Apricot Granola

Hands down the best granola you will ever make and taste. Funk it up with different purées, nuts, seeds and dried fruit. Just make sure you toast all the ingredients until they’re the deepest golden brown, and you will never buy this from the store again. Ever.

MAKES ABOUT 1.6 KG (3½ LB)

INGREDIENTS

450 g (1 lb/4 ½ cups) rolled oats

120 g (4¼ oz/¾ cup) sunflower seeds

120 g (4¼ oz/¾ cup) sesame seeds

100 g (3½ oz/½ cup lightly packed) soft brown sugar

250 g (9 oz/1½ cups) whole natural almonds, roughly chopped, some left whole

2 teaspoons ground cinnamon

1 teaspoon ground ginger

1 teaspoon sea salt flakes

120 g (4½ oz/1/3 cup) golden syrup (light treacle) OR dark corn syrup

4 tablespoons honey

170 g (6 oz) apricot nectar (purée) OR any other fruit purée

2 tablespoons grapeseed oil

100 g (3 ½ oz/1 ½ cups) dried shredded coconut

280 g (10 oz/1 ¾ cups) chopped dried apricots OR other dried fruit of choice

METHOD

Preheat the oven to 170°C (325°F) fan-forced. Line a large baking tray with baking paper.

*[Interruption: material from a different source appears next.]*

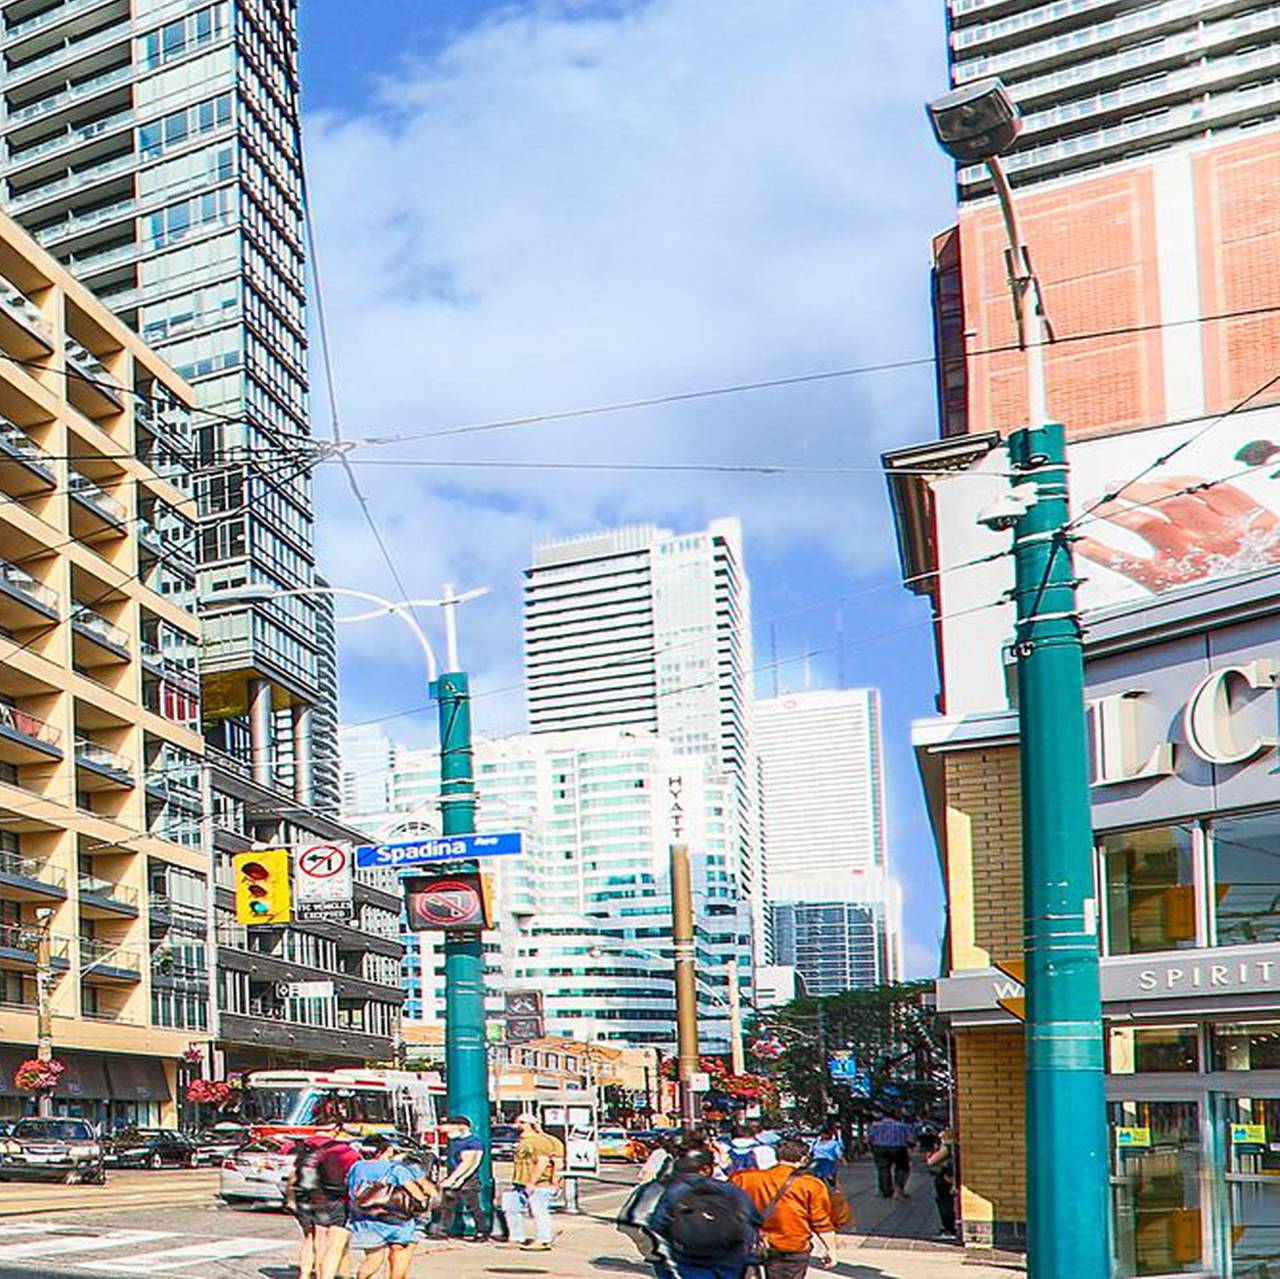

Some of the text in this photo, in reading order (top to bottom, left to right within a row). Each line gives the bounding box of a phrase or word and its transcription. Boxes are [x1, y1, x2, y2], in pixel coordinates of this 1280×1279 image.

[669, 776, 683, 838] HYATT
[376, 835, 498, 864] Spadina Ave

Using clean hands, mix the rolled oats, sunflower seeds, sesame seeds, brown sugar, almonds, cinnamon, ginger and salt in a large bowl. Add the golden syrup, honey, apricot nectar and oil, and mix well. Spread the mixture evenly over the prepared tray, and bake for 20 minutes. Add the coconut, and mix well using a spatula. Spread out the mixture evenly again, and bake for another 10 minutes until deep golden brown.

Remove the tray from the oven, and sprinkle the dried apricots evenly over the granola. Mix through, then allow to cool completely before storing in an airtight container. Great as a gift and keeps for a month.